++++ Entries shown ++++

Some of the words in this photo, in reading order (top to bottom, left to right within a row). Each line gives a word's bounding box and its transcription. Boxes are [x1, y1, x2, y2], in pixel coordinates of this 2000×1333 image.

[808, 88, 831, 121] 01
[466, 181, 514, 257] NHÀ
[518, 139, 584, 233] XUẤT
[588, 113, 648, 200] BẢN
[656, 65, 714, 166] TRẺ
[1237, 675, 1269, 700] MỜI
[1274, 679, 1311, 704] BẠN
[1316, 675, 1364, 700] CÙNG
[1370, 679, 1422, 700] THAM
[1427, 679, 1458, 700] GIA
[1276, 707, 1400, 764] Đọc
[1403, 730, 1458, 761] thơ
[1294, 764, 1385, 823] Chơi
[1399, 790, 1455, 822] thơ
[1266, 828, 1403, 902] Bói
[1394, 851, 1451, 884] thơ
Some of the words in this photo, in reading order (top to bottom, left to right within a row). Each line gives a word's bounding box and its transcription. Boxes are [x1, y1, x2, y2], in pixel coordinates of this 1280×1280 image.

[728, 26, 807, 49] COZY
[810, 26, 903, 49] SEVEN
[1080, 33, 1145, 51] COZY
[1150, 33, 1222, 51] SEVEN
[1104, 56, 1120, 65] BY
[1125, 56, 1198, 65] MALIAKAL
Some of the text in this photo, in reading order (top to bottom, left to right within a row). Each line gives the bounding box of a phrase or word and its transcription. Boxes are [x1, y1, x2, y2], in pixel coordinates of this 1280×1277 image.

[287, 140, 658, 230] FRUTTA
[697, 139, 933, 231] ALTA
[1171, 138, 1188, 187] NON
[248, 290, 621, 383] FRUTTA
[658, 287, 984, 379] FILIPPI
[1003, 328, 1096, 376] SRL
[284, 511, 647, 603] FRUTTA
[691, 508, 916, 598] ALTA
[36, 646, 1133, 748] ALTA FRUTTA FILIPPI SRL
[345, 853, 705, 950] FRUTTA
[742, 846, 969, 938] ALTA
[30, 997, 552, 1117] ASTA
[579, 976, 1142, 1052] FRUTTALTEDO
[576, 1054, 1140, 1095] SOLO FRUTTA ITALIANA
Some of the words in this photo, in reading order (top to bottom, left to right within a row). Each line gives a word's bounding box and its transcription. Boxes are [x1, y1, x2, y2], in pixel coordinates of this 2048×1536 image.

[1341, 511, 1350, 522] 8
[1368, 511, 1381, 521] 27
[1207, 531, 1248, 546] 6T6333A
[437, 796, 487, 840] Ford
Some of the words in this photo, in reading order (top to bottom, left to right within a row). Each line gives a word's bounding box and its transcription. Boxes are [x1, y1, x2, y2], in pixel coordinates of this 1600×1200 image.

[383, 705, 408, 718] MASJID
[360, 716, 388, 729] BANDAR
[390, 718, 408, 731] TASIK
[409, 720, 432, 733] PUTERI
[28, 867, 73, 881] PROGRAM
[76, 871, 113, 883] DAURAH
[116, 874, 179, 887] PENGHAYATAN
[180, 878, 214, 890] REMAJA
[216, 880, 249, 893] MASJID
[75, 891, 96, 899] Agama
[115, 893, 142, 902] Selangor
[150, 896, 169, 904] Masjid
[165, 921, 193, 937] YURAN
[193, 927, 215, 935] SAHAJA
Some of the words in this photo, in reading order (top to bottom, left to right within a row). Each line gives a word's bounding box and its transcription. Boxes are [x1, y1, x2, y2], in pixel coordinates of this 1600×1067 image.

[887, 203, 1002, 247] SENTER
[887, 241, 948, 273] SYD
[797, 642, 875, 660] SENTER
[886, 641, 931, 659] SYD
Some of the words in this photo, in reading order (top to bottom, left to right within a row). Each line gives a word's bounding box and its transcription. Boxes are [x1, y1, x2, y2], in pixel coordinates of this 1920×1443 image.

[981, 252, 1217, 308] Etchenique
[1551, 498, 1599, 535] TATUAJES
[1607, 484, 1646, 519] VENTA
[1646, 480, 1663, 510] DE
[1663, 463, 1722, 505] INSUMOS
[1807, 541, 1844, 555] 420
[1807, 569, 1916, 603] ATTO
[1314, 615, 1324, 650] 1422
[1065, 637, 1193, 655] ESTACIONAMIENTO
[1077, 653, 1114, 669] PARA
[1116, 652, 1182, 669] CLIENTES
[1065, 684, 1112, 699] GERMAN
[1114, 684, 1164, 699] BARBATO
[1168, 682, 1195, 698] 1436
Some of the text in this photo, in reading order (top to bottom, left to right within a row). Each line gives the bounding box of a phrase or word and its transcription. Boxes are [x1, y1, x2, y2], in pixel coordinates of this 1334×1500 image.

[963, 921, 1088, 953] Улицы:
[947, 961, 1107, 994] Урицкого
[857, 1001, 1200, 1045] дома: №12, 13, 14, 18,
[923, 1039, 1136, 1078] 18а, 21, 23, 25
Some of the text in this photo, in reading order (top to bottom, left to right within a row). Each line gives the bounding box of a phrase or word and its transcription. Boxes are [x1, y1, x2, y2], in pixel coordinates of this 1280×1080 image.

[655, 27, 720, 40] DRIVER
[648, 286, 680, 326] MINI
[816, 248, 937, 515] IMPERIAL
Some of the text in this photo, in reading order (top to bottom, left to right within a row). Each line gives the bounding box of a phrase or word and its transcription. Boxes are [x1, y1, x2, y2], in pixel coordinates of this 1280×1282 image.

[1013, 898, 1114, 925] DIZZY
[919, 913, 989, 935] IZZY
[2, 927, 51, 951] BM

++++

What to produce:
Reproduce all of the entries above verbatim.

Exercise solution:
Some of the words in this photo, in reading order (top to bottom, left to right within a row). Each line gives a word's bounding box and its transcription. Boxes are [x1, y1, x2, y2], in pixel coordinates of this 2000×1333 image.

[808, 88, 831, 121] 01
[466, 181, 514, 257] NHÀ
[518, 139, 584, 233] XUẤT
[588, 113, 648, 200] BẢN
[656, 65, 714, 166] TRẺ
[1237, 675, 1269, 700] MỜI
[1274, 679, 1311, 704] BẠN
[1316, 675, 1364, 700] CÙNG
[1370, 679, 1422, 700] THAM
[1427, 679, 1458, 700] GIA
[1276, 707, 1400, 764] Đọc
[1403, 730, 1458, 761] thơ
[1294, 764, 1385, 823] Chơi
[1399, 790, 1455, 822] thơ
[1266, 828, 1403, 902] Bói
[1394, 851, 1451, 884] thơ
Some of the words in this photo, in reading order (top to bottom, left to right within a row). Each line gives a word's bounding box and its transcription. Boxes are [x1, y1, x2, y2], in pixel coordinates of this 1280×1280 image.

[728, 26, 807, 49] COZY
[810, 26, 903, 49] SEVEN
[1080, 33, 1145, 51] COZY
[1150, 33, 1222, 51] SEVEN
[1104, 56, 1120, 65] BY
[1125, 56, 1198, 65] MALIAKAL
Some of the text in this photo, in reading order (top to bottom, left to right within a row). Each line gives the bounding box of a phrase or word and its transcription. Boxes are [x1, y1, x2, y2], in pixel coordinates of this 1280×1277 image.

[287, 140, 658, 230] FRUTTA
[697, 139, 933, 231] ALTA
[1171, 138, 1188, 187] NON
[248, 290, 621, 383] FRUTTA
[658, 287, 984, 379] FILIPPI
[1003, 328, 1096, 376] SRL
[284, 511, 647, 603] FRUTTA
[691, 508, 916, 598] ALTA
[36, 646, 1133, 748] ALTA FRUTTA FILIPPI SRL
[345, 853, 705, 950] FRUTTA
[742, 846, 969, 938] ALTA
[30, 997, 552, 1117] ASTA
[579, 976, 1142, 1052] FRUTTALTEDO
[576, 1054, 1140, 1095] SOLO FRUTTA ITALIANA
Some of the words in this photo, in reading order (top to bottom, left to right within a row). Each line gives a word's bounding box and its transcription. Boxes are [x1, y1, x2, y2], in pixel coordinates of this 2048×1536 image.

[1341, 511, 1350, 522] 8
[1368, 511, 1381, 521] 27
[1207, 531, 1248, 546] 6T6333A
[437, 796, 487, 840] Ford
Some of the words in this photo, in reading order (top to bottom, left to right within a row). Each line gives a word's bounding box and its transcription. Boxes are [x1, y1, x2, y2], in pixel coordinates of this 1600×1200 image.

[383, 705, 408, 718] MASJID
[360, 716, 388, 729] BANDAR
[390, 718, 408, 731] TASIK
[409, 720, 432, 733] PUTERI
[28, 867, 73, 881] PROGRAM
[76, 871, 113, 883] DAURAH
[116, 874, 179, 887] PENGHAYATAN
[180, 878, 214, 890] REMAJA
[216, 880, 249, 893] MASJID
[75, 891, 96, 899] Agama
[115, 893, 142, 902] Selangor
[150, 896, 169, 904] Masjid
[165, 921, 193, 937] YURAN
[193, 927, 215, 935] SAHAJA
Some of the words in this photo, in reading order (top to bottom, left to right within a row). Each line gives a word's bounding box and its transcription. Boxes are [x1, y1, x2, y2], in pixel coordinates of this 1600×1067 image.

[887, 203, 1002, 247] SENTER
[887, 241, 948, 273] SYD
[797, 642, 875, 660] SENTER
[886, 641, 931, 659] SYD
Some of the words in this photo, in reading order (top to bottom, left to right within a row). Each line gives a word's bounding box and its transcription. Boxes are [x1, y1, x2, y2], in pixel coordinates of this 1920×1443 image.

[981, 252, 1217, 308] Etchenique
[1551, 498, 1599, 535] TATUAJES
[1607, 484, 1646, 519] VENTA
[1646, 480, 1663, 510] DE
[1663, 463, 1722, 505] INSUMOS
[1807, 541, 1844, 555] 420
[1807, 569, 1916, 603] ATTO
[1314, 615, 1324, 650] 1422
[1065, 637, 1193, 655] ESTACIONAMIENTO
[1077, 653, 1114, 669] PARA
[1116, 652, 1182, 669] CLIENTES
[1065, 684, 1112, 699] GERMAN
[1114, 684, 1164, 699] BARBATO
[1168, 682, 1195, 698] 1436
Some of the text in this photo, in reading order (top to bottom, left to right within a row). Each line gives the bounding box of a phrase or word and its transcription. Boxes are [x1, y1, x2, y2], in pixel coordinates of this 1334×1500 image.

[963, 921, 1088, 953] Улицы:
[947, 961, 1107, 994] Урицкого
[857, 1001, 1200, 1045] дома: №12, 13, 14, 18,
[923, 1039, 1136, 1078] 18а, 21, 23, 25
Some of the text in this photo, in reading order (top to bottom, left to right within a row). Each line gives the bounding box of a phrase or word and its transcription. Boxes are [x1, y1, x2, y2], in pixel coordinates of this 1280×1080 image.

[655, 27, 720, 40] DRIVER
[648, 286, 680, 326] MINI
[816, 248, 937, 515] IMPERIAL
Some of the text in this photo, in reading order (top to bottom, left to right within a row). Each line gives the bounding box of a phrase or word and its transcription. Boxes are [x1, y1, x2, y2], in pixel coordinates of this 1280×1282 image.

[1013, 898, 1114, 925] DIZZY
[919, 913, 989, 935] IZZY
[2, 927, 51, 951] BM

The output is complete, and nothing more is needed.